Nearly a century ago, soil scientist F.H. King published The Soil, a classic work whose preface is written by Liberty Hyde Bailey, a mastermind of modern horticulture. Professor Bailey's work focused on plants but he supported Dr. King's view of the soil as a primary locomotive for the evolution of living forms, and mediator of solar, atmospheric, and water energy. King believed that soil derives its power to nurture plant growth from its capacity to absorb the sun's energy and transform it into plant-available forms. This belief emerged in print at a time when the theory of photosynthesis was being refined. The theory that plants make their own food by using solar energy for the biosynthesis of their cell components was phenomenal. When photosynthesis was generally accepted as a plausible theory, modern agricultural production began its shift from a soil-centered to a plant-centered approach.
By mid-century, plant breeders were on their way to becoming kingpins of the fledgling Green Revolution. In time the status of soil in some quarters was placed on a moral par with vermiculite as a receptacle for mineral fertilizers. So-called "dirt farmers" became trivial relics. Now as the century turns again, we find ourselves amidst a second Green Revolution, this one running its course for the sake of our global environment, consumers' well-being, and the safety of farmers. Today soil regeneration and health matter as much as plant breeding. Professor King said as much 100 years ago in reminding us that farming involves cultivated plants, domestic animals, as well as great numbers of microscopic individuals, the souls of soil life.

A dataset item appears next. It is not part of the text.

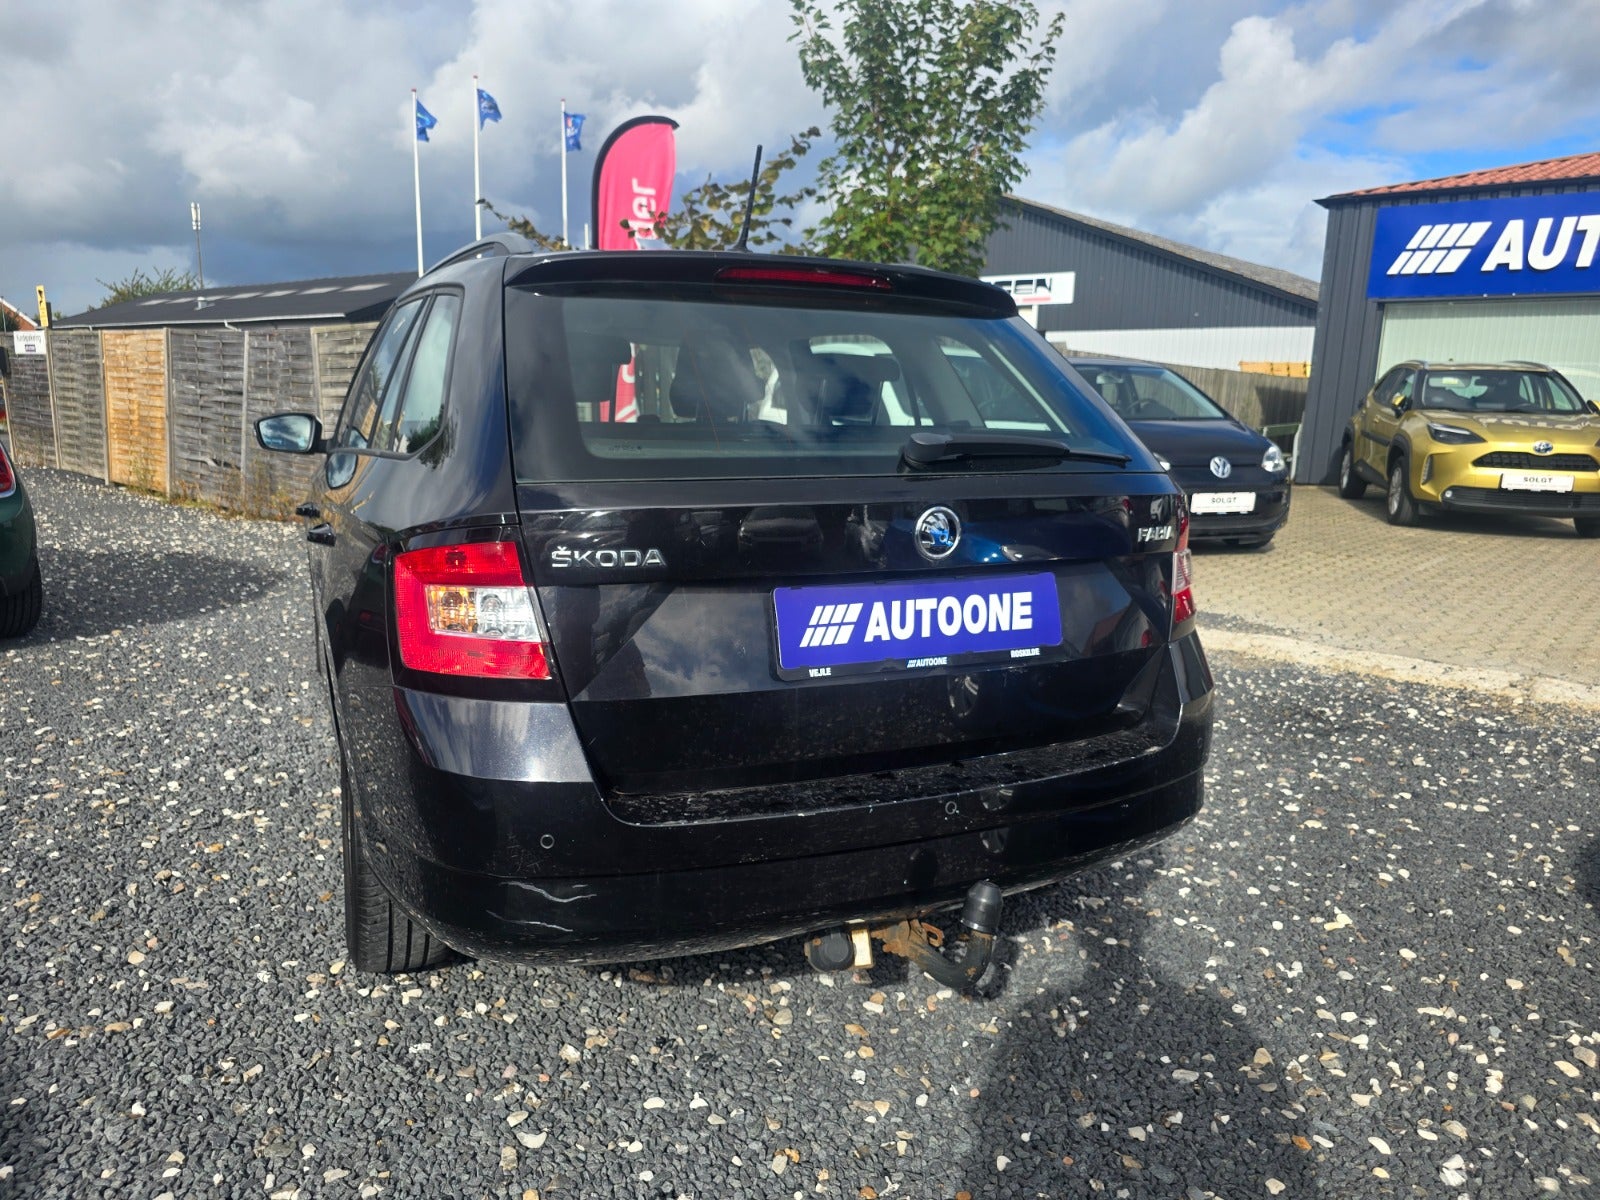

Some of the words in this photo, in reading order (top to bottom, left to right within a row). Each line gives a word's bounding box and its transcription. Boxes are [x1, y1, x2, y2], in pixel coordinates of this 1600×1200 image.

What has our brief tour of 20th century agriculture to do with ancient and traditional farming systems? Only this. To review the past, examine the present, and look to the future is to learn which knowledge to borrow, which to expend, and in which to invest. To discount the lessons of history is to cultivate ignorance, whether the past in question is yesterday or a millennium ago.
One hundred years from now, the food production systems of the 1990s will seem ancient. Will future scientists and writers marvel at our insight about soil and crop management, or at our myopia? We can assure our prior, present, and future generations a valued place in history by honoring the wisdom of those who came before us, and our own common sense, while cherishing our soil, water, and atmospheric resources.